Joe Pesci did not judge his character but found the scene where he kills Spider for talking back to his character hard to do, because he had trouble justifying the action until he forced himself to feel the way Tommy did. Bracco found the shoot to be an emotionally difficult one because it was such a male-dominated cast, and she realized if she did not make her "work important, it would probably end up on the cutting room floor." When it came to the relationship between Henry and Karen, Bracco saw no difference between an abused wife and her character.

According to Pesci, improvisation and ad-libbing came out of rehearsals wherein Scorsese let the actors do whatever they wanted. He made transcripts of these sessions, took the lines the actors came up with that he liked best, and put them into a revised script that the cast worked from during principal photography. For example, the scene where Tommy tells a story and Henry is responding to him—the "Funny how? Do I amuse you?" scene—is based on an actual event that Pesci experienced. Pesci was working as a waiter when he thought he was making a compliment to a mobster by saying he was "funny"; however, the comment was not taken well. It was worked on in rehearsals where he and Liotta improvised, and Scorsese recorded four to five takes, rewrote their dialogue, and inserted it into the script. The dinner scene with Tommy's mother was largely improvised. Her painting of the bearded man with the dogs was based on a photograph from National Geographic magazine. The cast did not meet Henry Hill until a few weeks before the film's premiere. Liotta met him in an undisclosed city; Hill had seen the film and told the actor that he loved it.

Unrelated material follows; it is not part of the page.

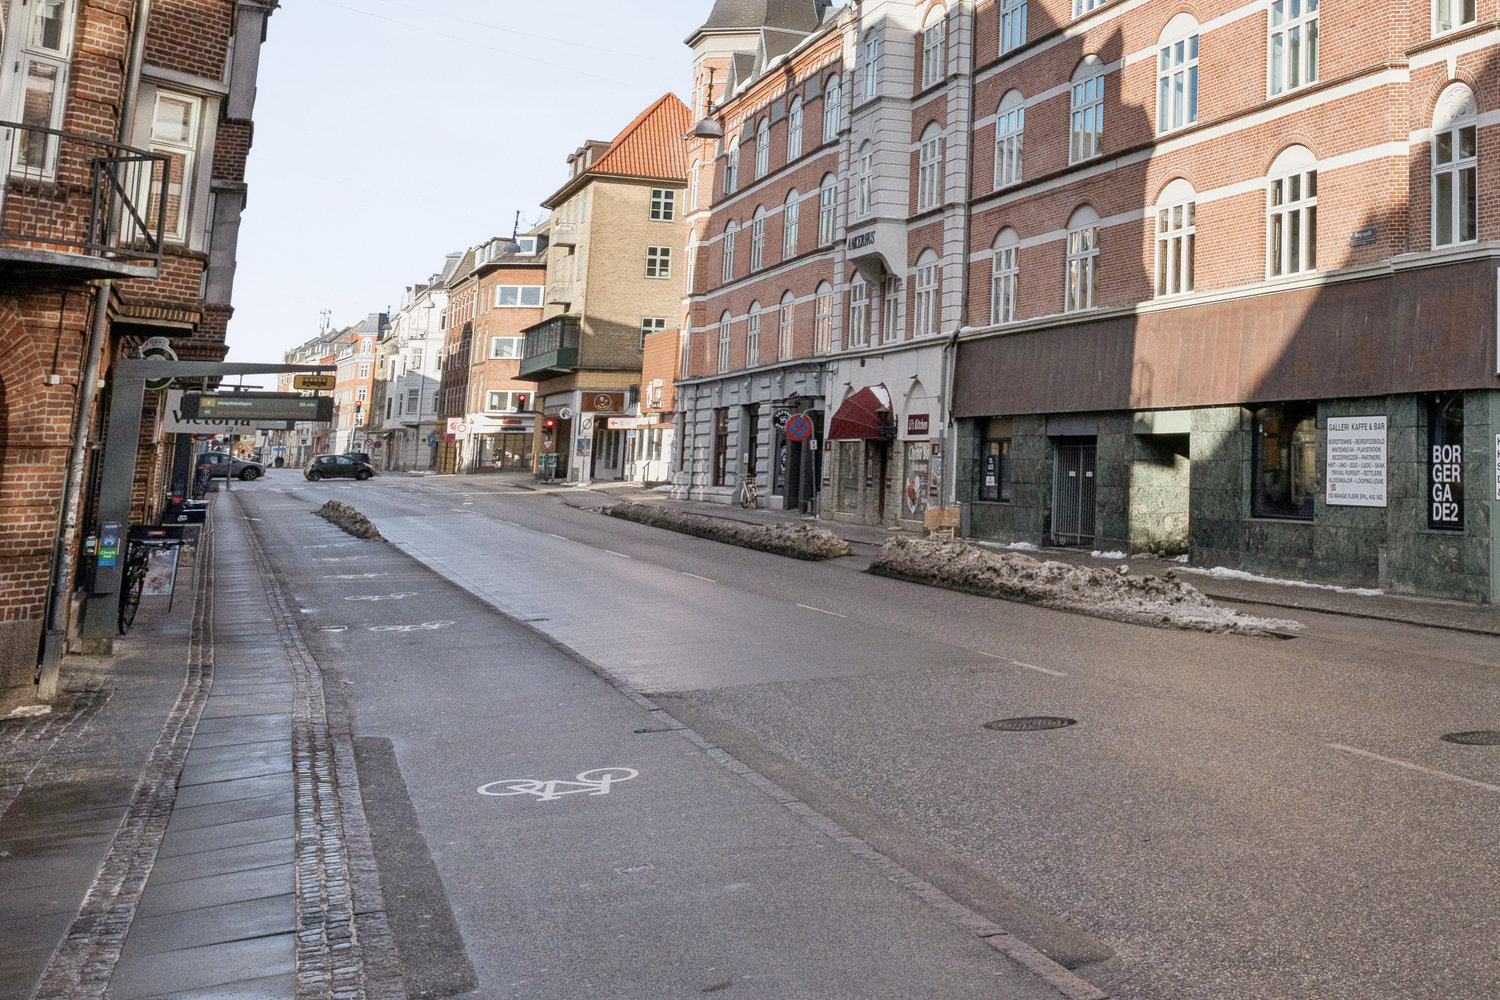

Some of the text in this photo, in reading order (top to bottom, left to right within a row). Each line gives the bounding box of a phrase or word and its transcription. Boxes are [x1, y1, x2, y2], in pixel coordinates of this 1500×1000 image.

The long tracking shot through the Copacabana nightclub came about because of a practical problem: the filmmakers could not get permission to go in the short way, and this forced them to go round the back. Scorsese decided to film the sequence in one unbroken shot in order to symbolize that Henry's entire life was ahead of him, commenting, "It's his seduction of her [Karen] and it's also the lifestyle seducing him." This sequence was shot eight times.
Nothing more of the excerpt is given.